→ DIRECTIONS FOR THIS TASK
Reproduce all of the data exactly. Images are not to appear in the reply.
<<<<
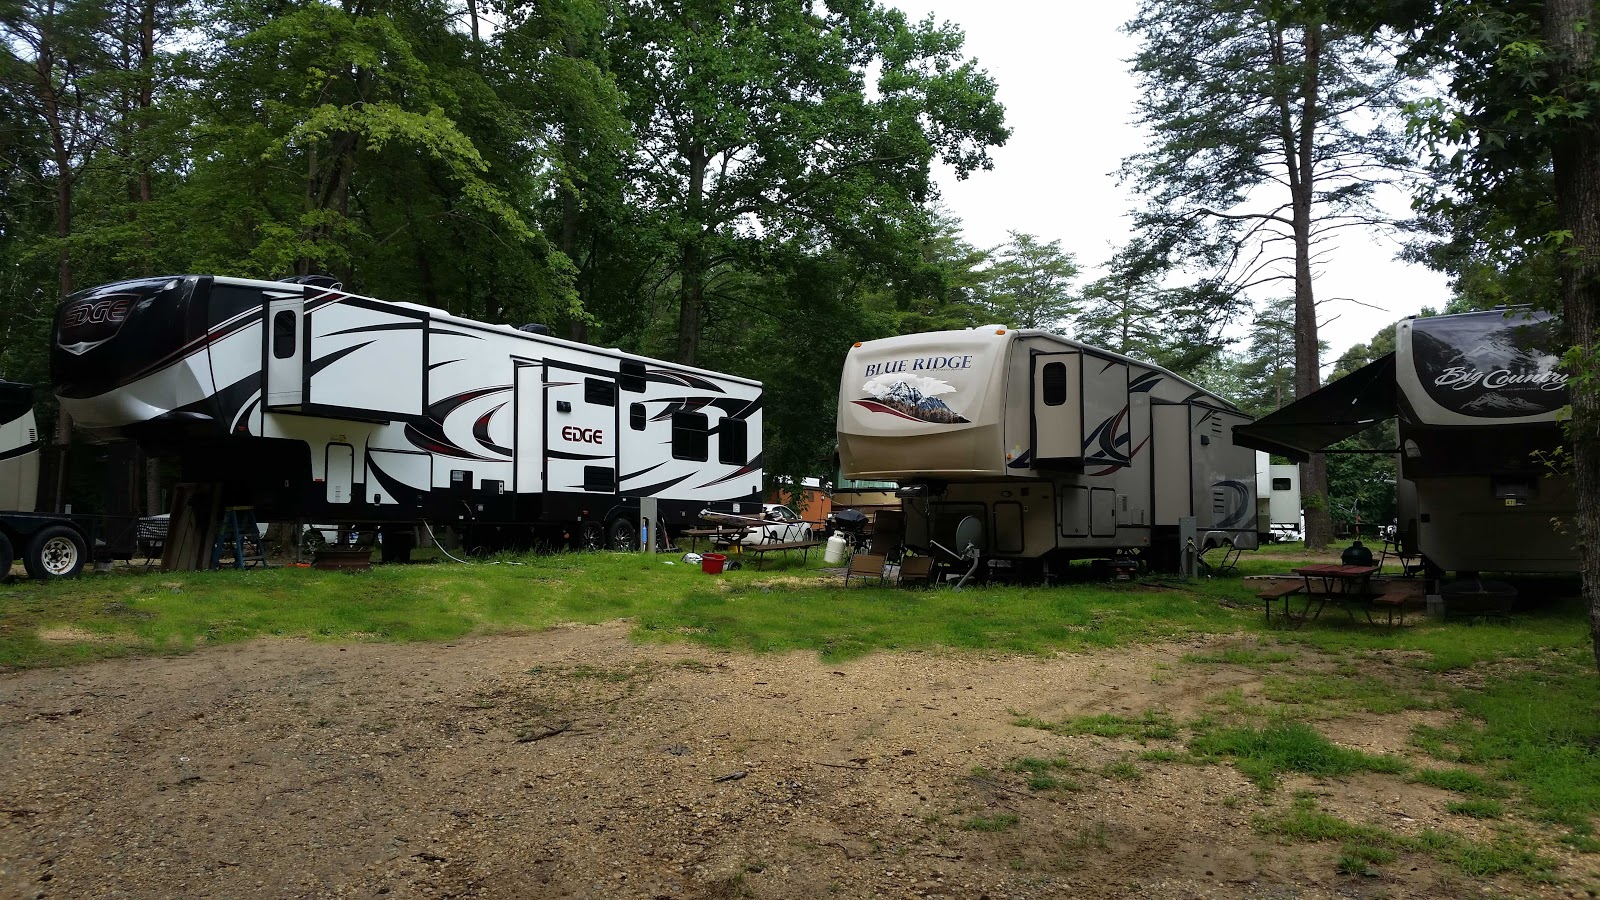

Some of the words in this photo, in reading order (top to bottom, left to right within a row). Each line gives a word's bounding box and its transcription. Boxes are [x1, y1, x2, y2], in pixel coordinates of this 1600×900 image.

[64, 300, 129, 328] EDGE
[865, 360, 908, 377] BLUE
[912, 355, 973, 371] RIDGE
[1434, 366, 1484, 390] Big
[1483, 369, 1569, 391] Country
[561, 425, 603, 445] EDGE
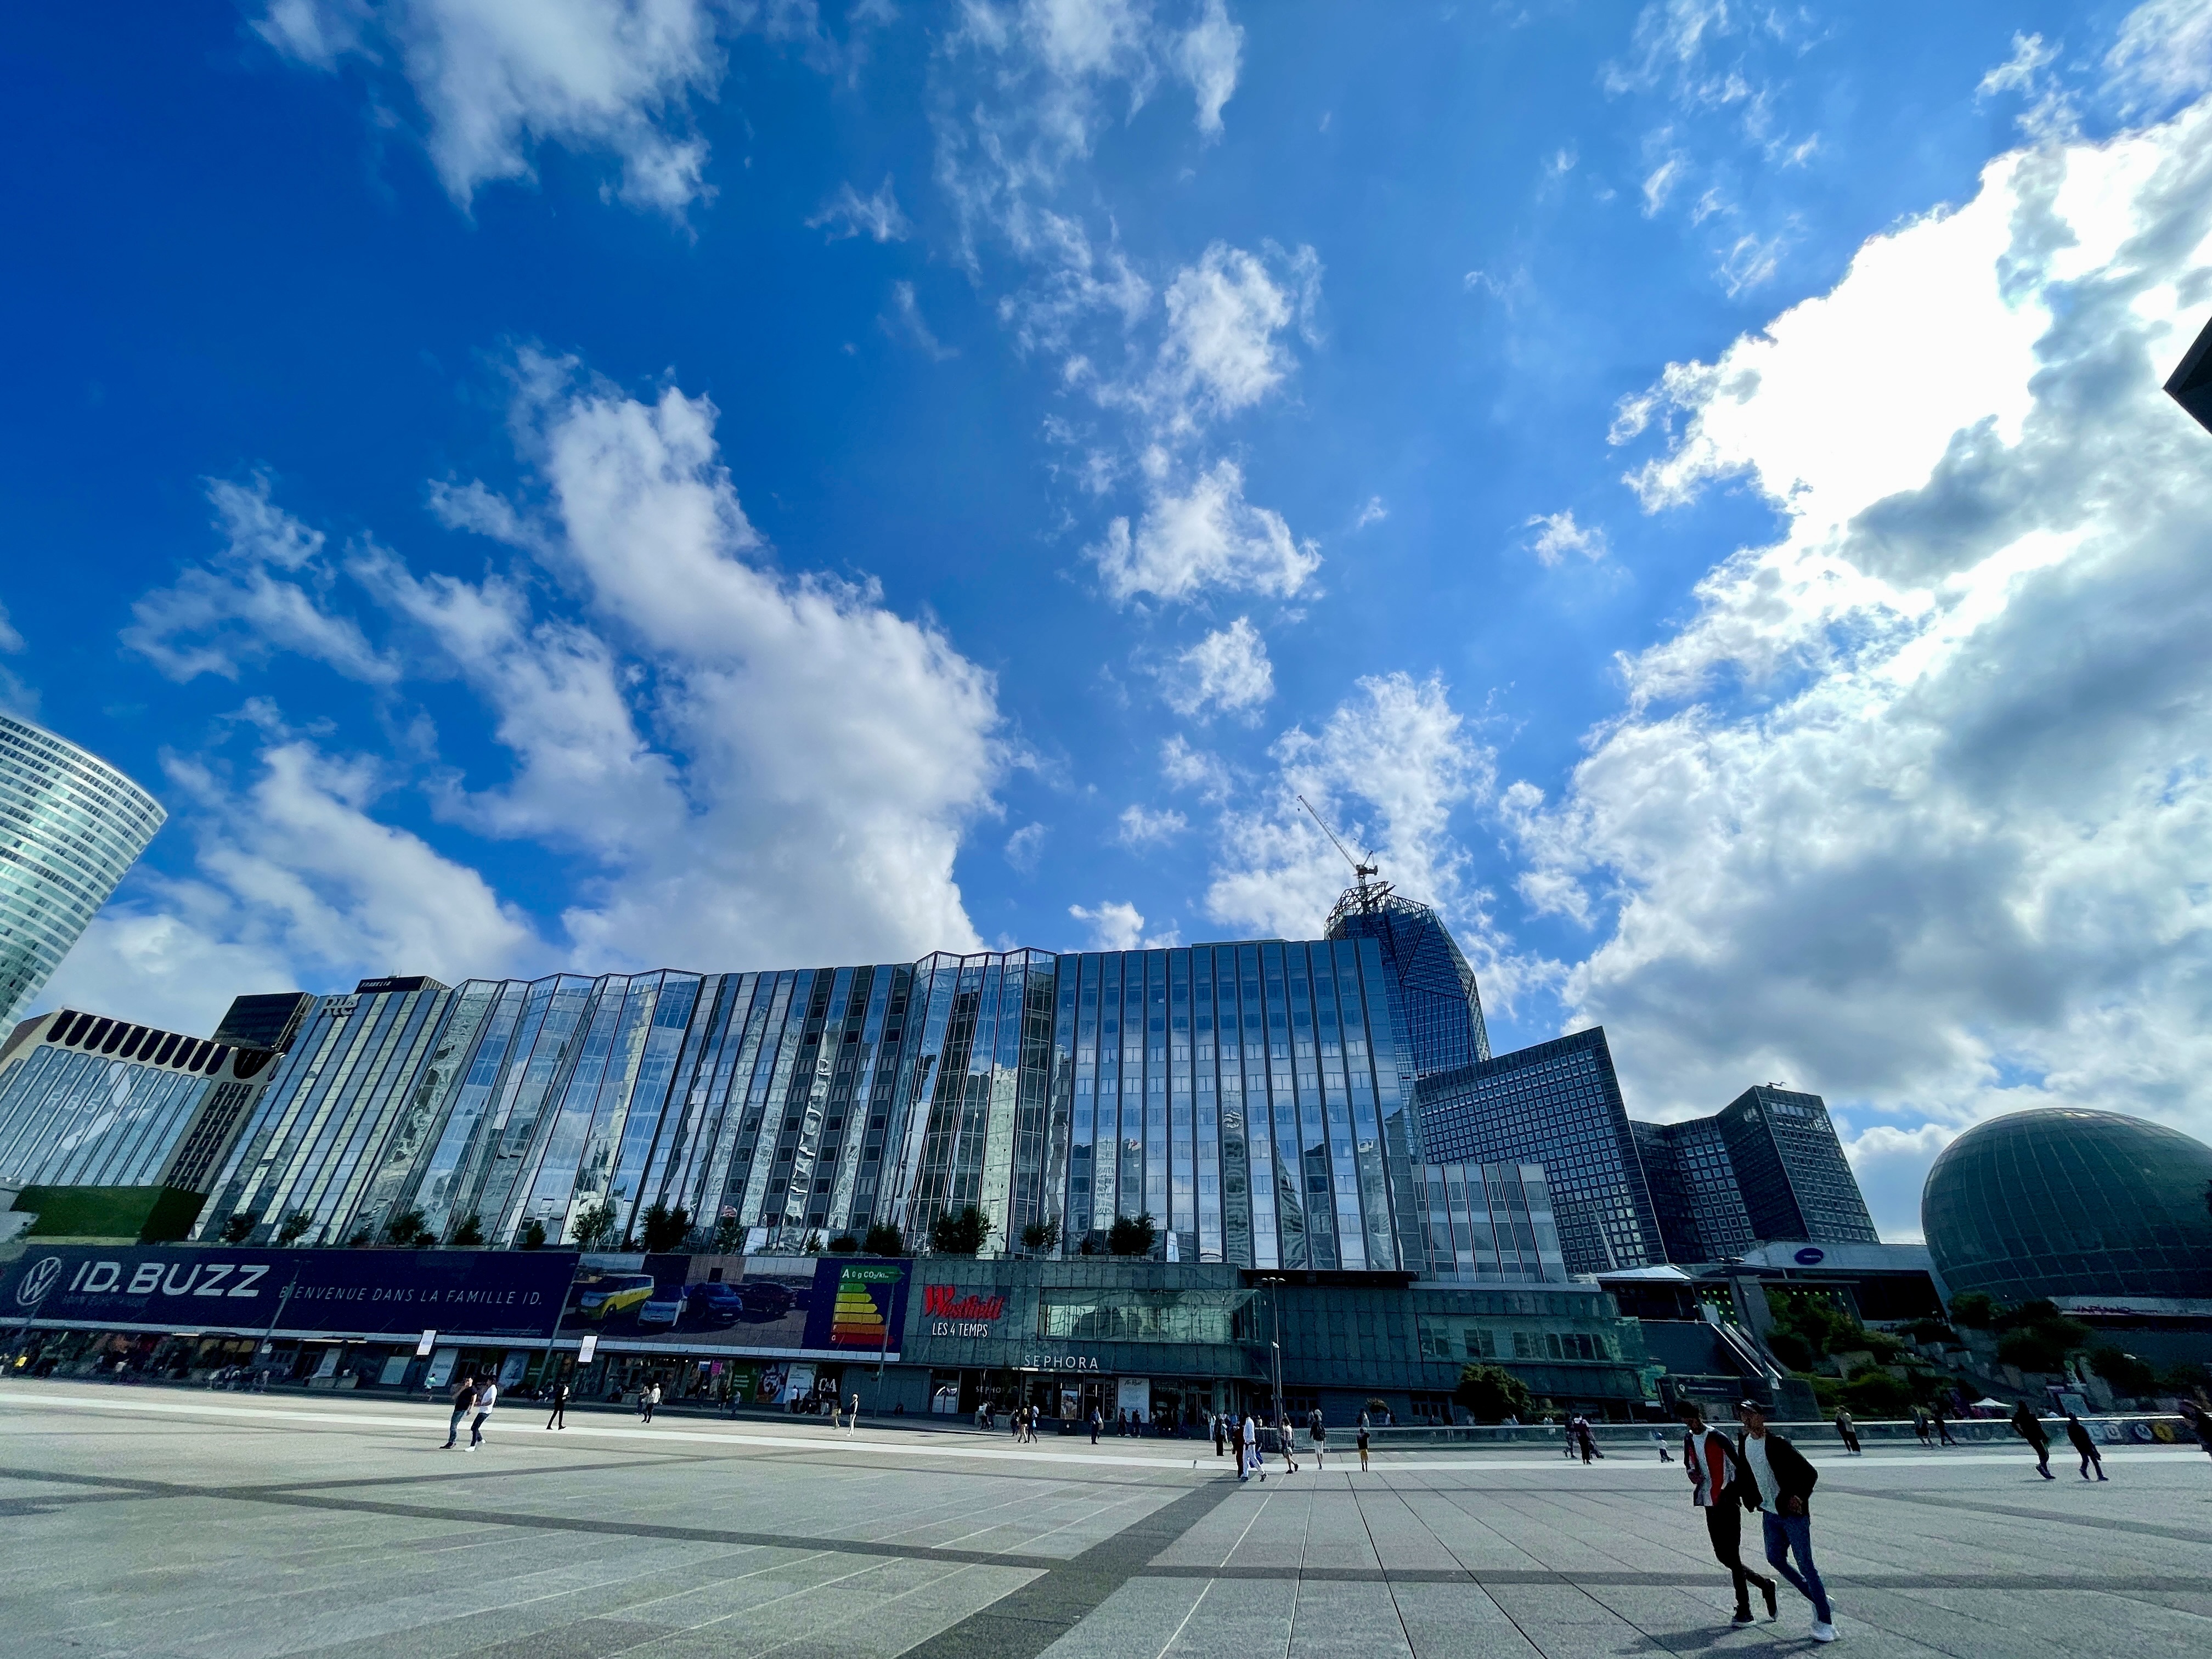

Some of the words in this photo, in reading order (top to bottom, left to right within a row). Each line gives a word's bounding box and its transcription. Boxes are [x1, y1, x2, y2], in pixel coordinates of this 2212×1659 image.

[842, 1269, 850, 1279] A
[279, 1286, 367, 1300] BIENVENUE
[372, 1289, 414, 1302] DANS
[420, 1290, 438, 1302] LA
[445, 1290, 516, 1304] FAMILLE
[522, 1292, 542, 1305] ID.
[924, 1285, 1005, 1321] Westfield
[932, 1322, 948, 1336] LES
[950, 1323, 955, 1336] 4
[959, 1323, 989, 1338] TEMPS
[1024, 1355, 1098, 1369] SEPHORA
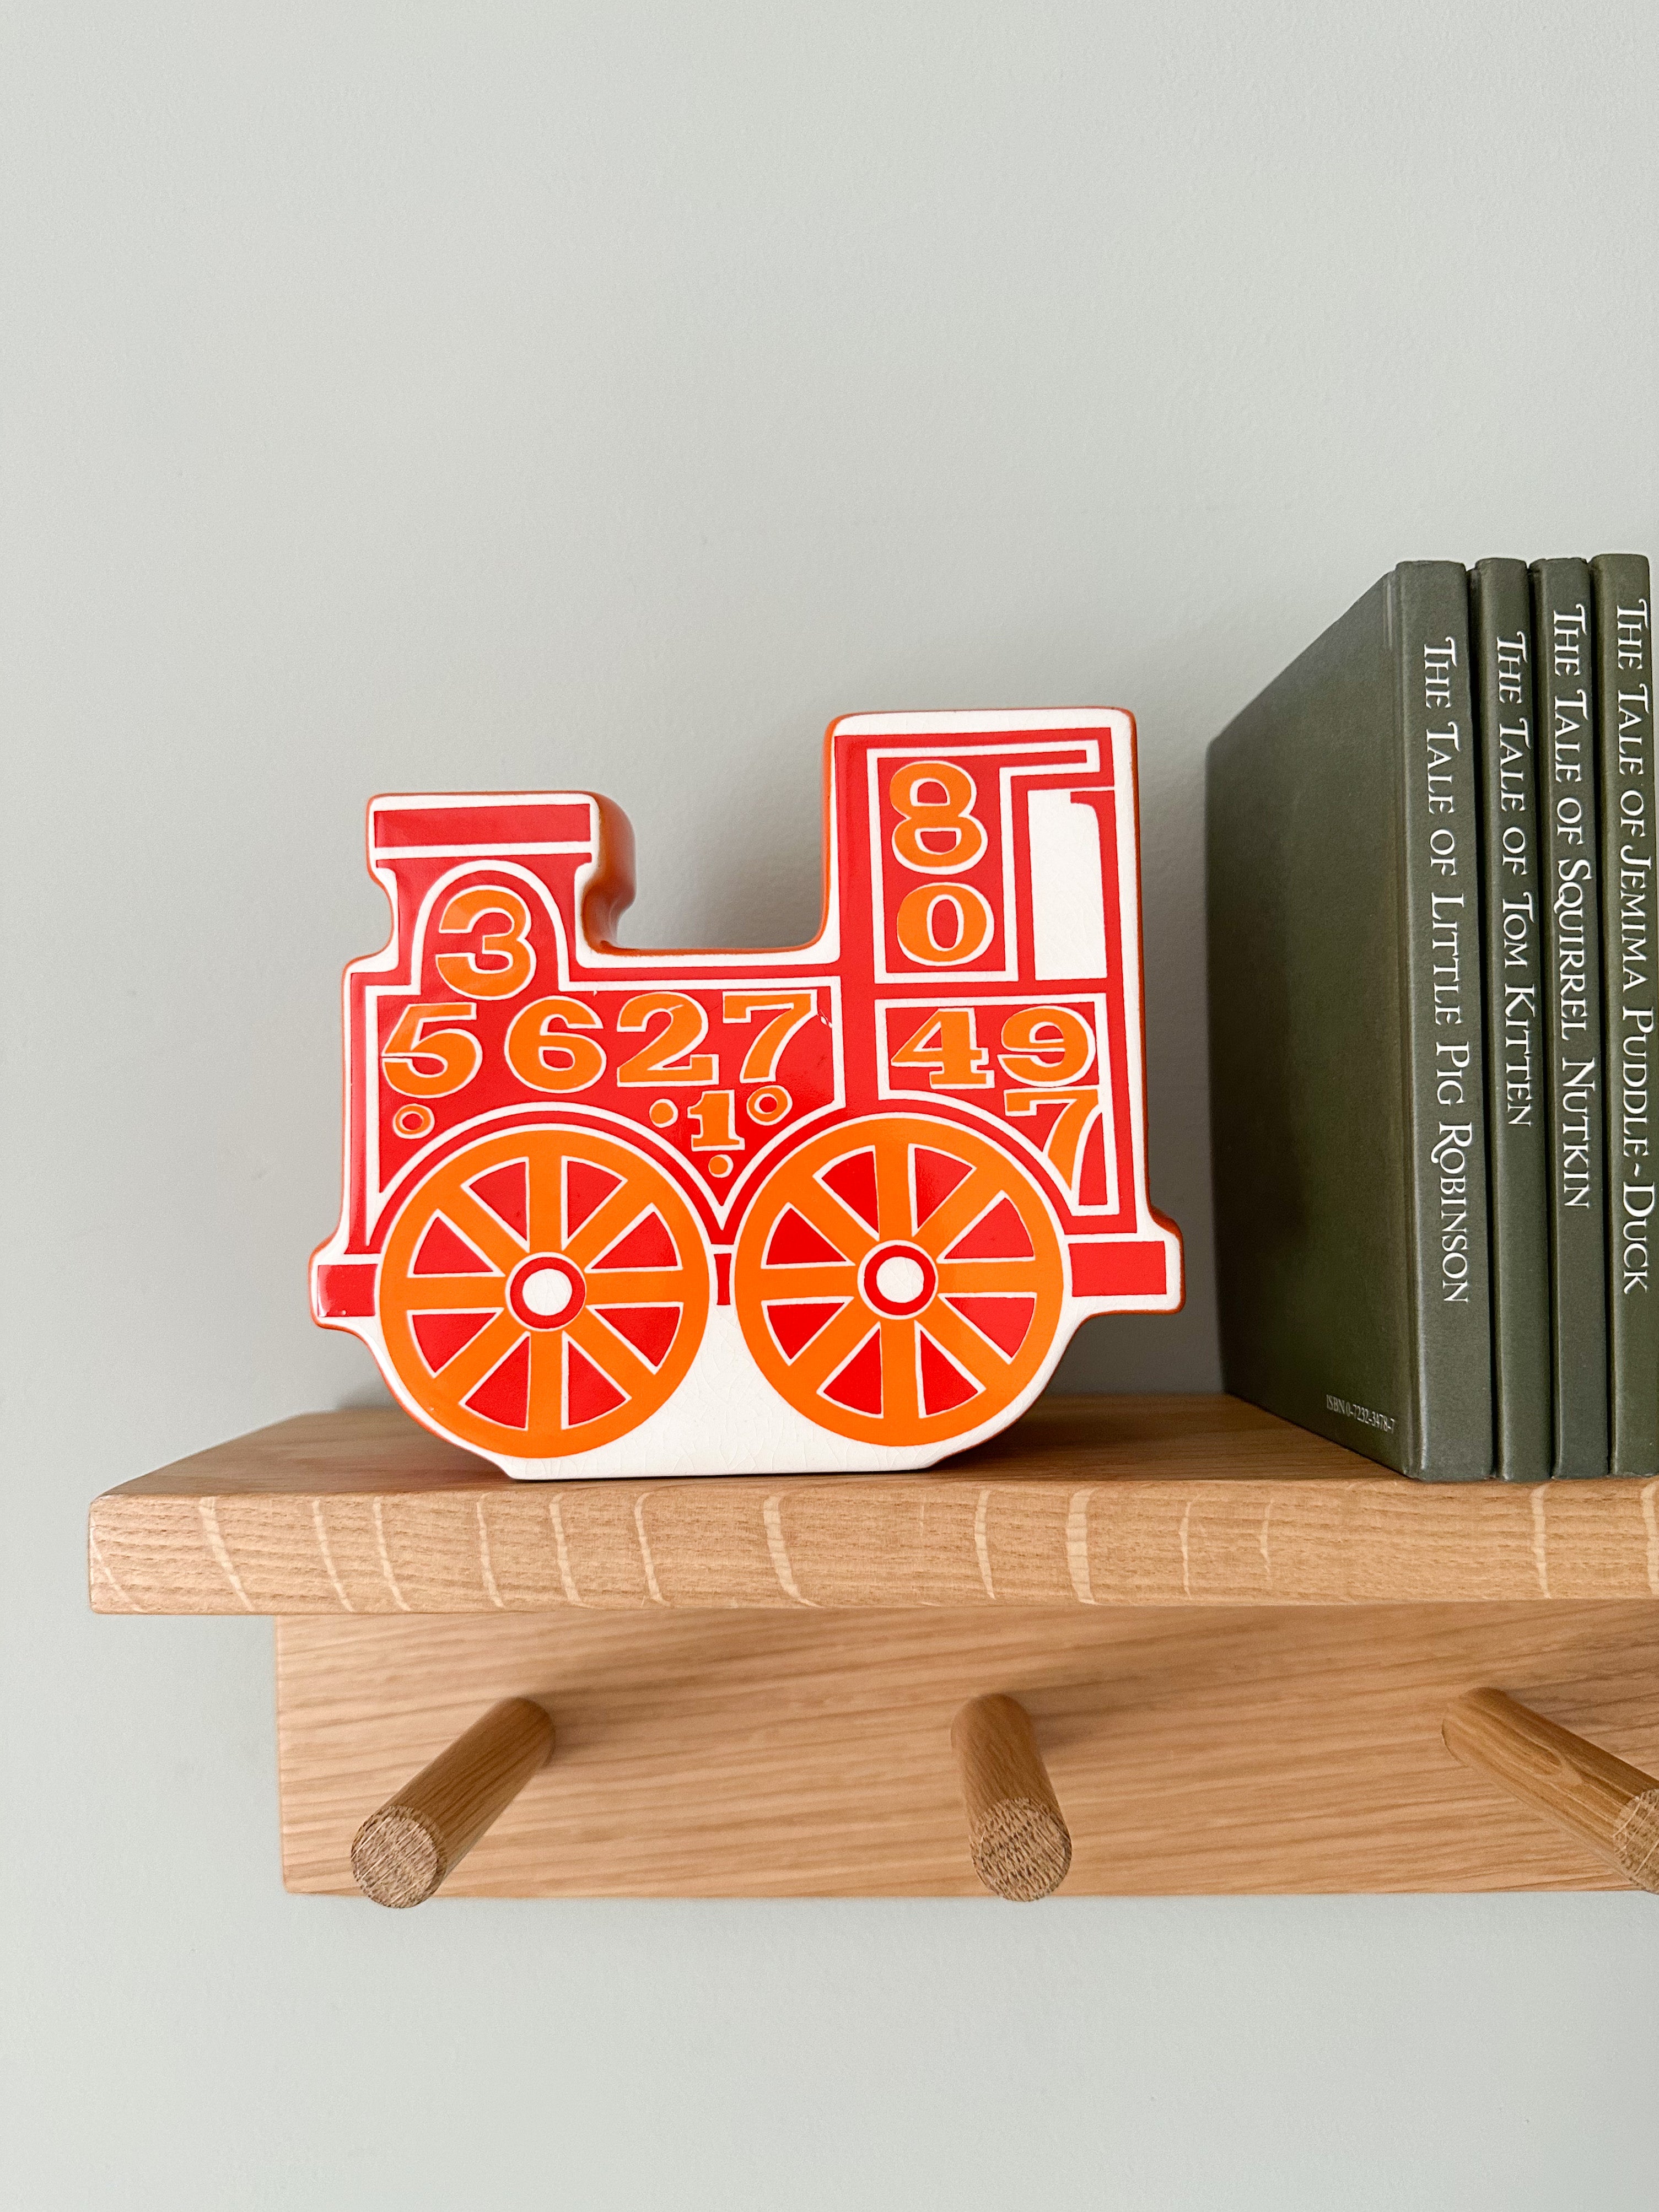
>>>>
→ TASK RESULT
Some of the words in this photo, in reading order (top to bottom, left to right within a row). Each line gives a word's bounding box and its transcription. Boxes are [x1, y1, x2, y2], in pixel coordinates of this 1600×900 image.

[64, 300, 129, 328] EDGE
[865, 360, 908, 377] BLUE
[912, 355, 973, 371] RIDGE
[1434, 366, 1484, 390] Big
[1483, 369, 1569, 391] Country
[561, 425, 603, 445] EDGE

Some of the words in this photo, in reading order (top to bottom, left to right within a row). Each line gives a word's bounding box and its transcription. Boxes are [x1, y1, x2, y2], in pixel coordinates of this 2212×1659 image.

[842, 1269, 850, 1279] A
[279, 1286, 367, 1300] BIENVENUE
[372, 1289, 414, 1302] DANS
[420, 1290, 438, 1302] LA
[445, 1290, 516, 1304] FAMILLE
[522, 1292, 542, 1305] ID.
[924, 1285, 1005, 1321] Westfield
[932, 1322, 948, 1336] LES
[950, 1323, 955, 1336] 4
[959, 1323, 989, 1338] TEMPS
[1024, 1355, 1098, 1369] SEPHORA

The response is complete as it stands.